Del mismo modo que siempre recuerdo La Chanca (Ed. Seix Barral) por aquella otra escena de los capítulos iniciales en que el viajero sentado en la terraza de una cafetería del centro de la ciudad, ojea las páginas del diario Yugo (ya de por sí un significativo título), se le acerca una muchacha con una hucha para prenderle una banderita. “Para el cáncer” –le dice. Él, riéndose le pregunta cuando había colecta para combatir el Gran Cáncer. La chica no comprende. “No caigo”. “Bueno, igual da. No tiene importancia. Un día caerá usted y se reirá”. Sacó un duro arrugado del bolsillo que introdujo en la hucha. “Mientras tanto combatamos éste”.
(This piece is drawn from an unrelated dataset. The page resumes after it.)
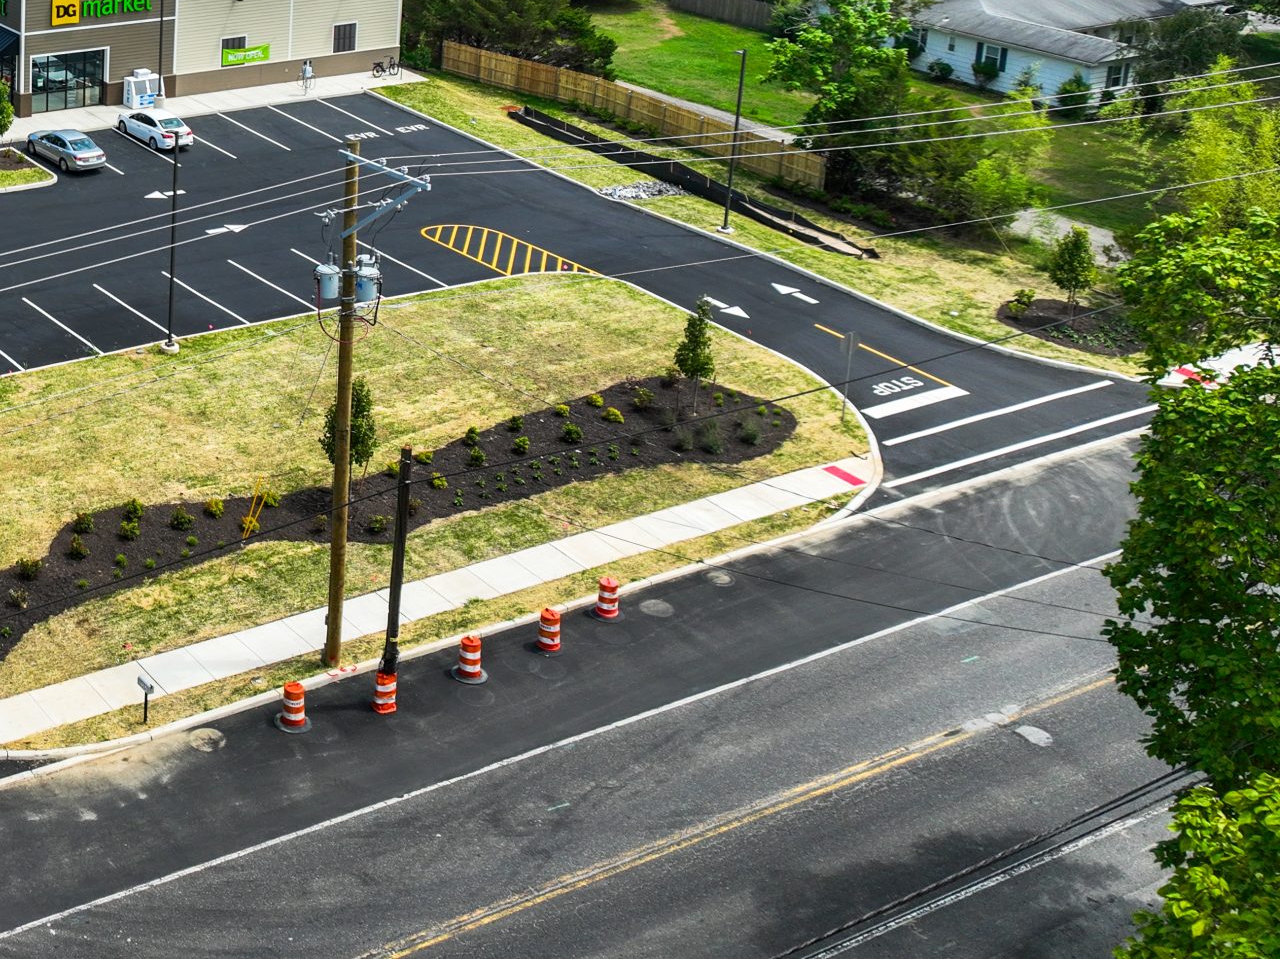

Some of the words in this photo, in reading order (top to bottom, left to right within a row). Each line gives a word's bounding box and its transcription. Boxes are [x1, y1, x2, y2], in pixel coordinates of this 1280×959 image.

[55, 4, 77, 18] DG
[228, 52, 245, 61] NOW
[871, 376, 924, 396] STOP
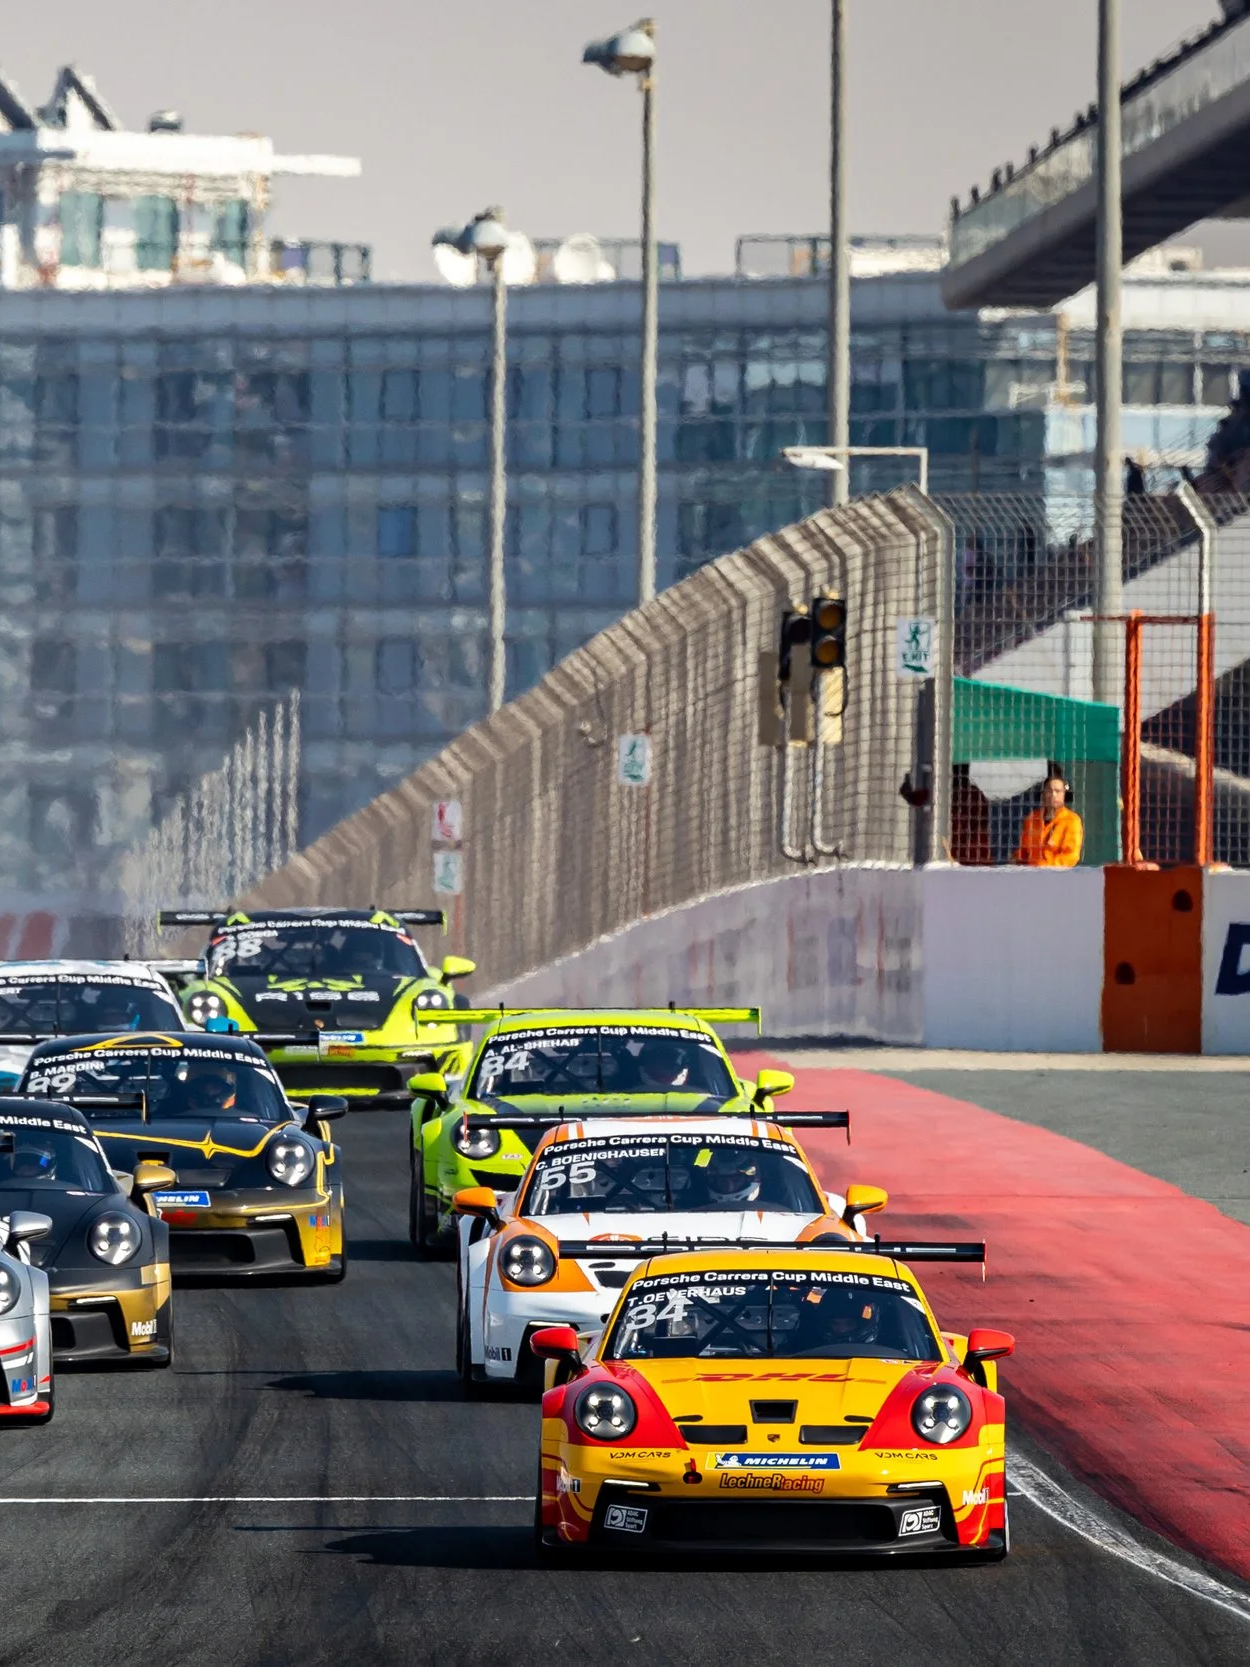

Casi al final del libro, Goytisolo aclara que Almería (en 1960) era una reencarnación del Gran Cáncer. “Siglo tras siglo –escribe– la incuria de los sucesivos gobiernos ha arruinado sus primitivas fuentes de riqueza y la ha reducido a su actual condición de colonia. El almeriense esclavizado en su patria chica emigra y es explotado aún en las regiones industriales de España”. El autor ha confesado después, en más de una ocasión, tener en Almería su patria auténtica, un origen elegido, sin determinismo alguno. Veinte años después, como epílogo a sucesivas reediciones del libro, escribió: “Pese a mis raíces vascas y mi nacimiento en Cataluña no me he identificado nunca con lo vasco ni lo catalán. Mis afinidades secretas las he descubierto siempre con hombres y regiones alejados de mí”. Almería ha rotulado con su nombre, no se sabe si una calle o una venganza, que desemboca en la Avenida del Mar, cerca de las calles Chamberí, Navegante, San Joaquín y el Camino del Barranco que configuran La Chanca, barrio aún maldito, innombrable para muchos almerienses y al que los turistas siguen retratando desde las asépticas alturas de La Alcazaba, como si sus habitantes, allá abajo, fuesen los peligrosos bichos de un zoológico. Regresar al Goytisolo realista y descarnado de aquellos años, supone unas lecturas ejemplares para este tiempo nuevo de desigualdad social y pobrezas extremas.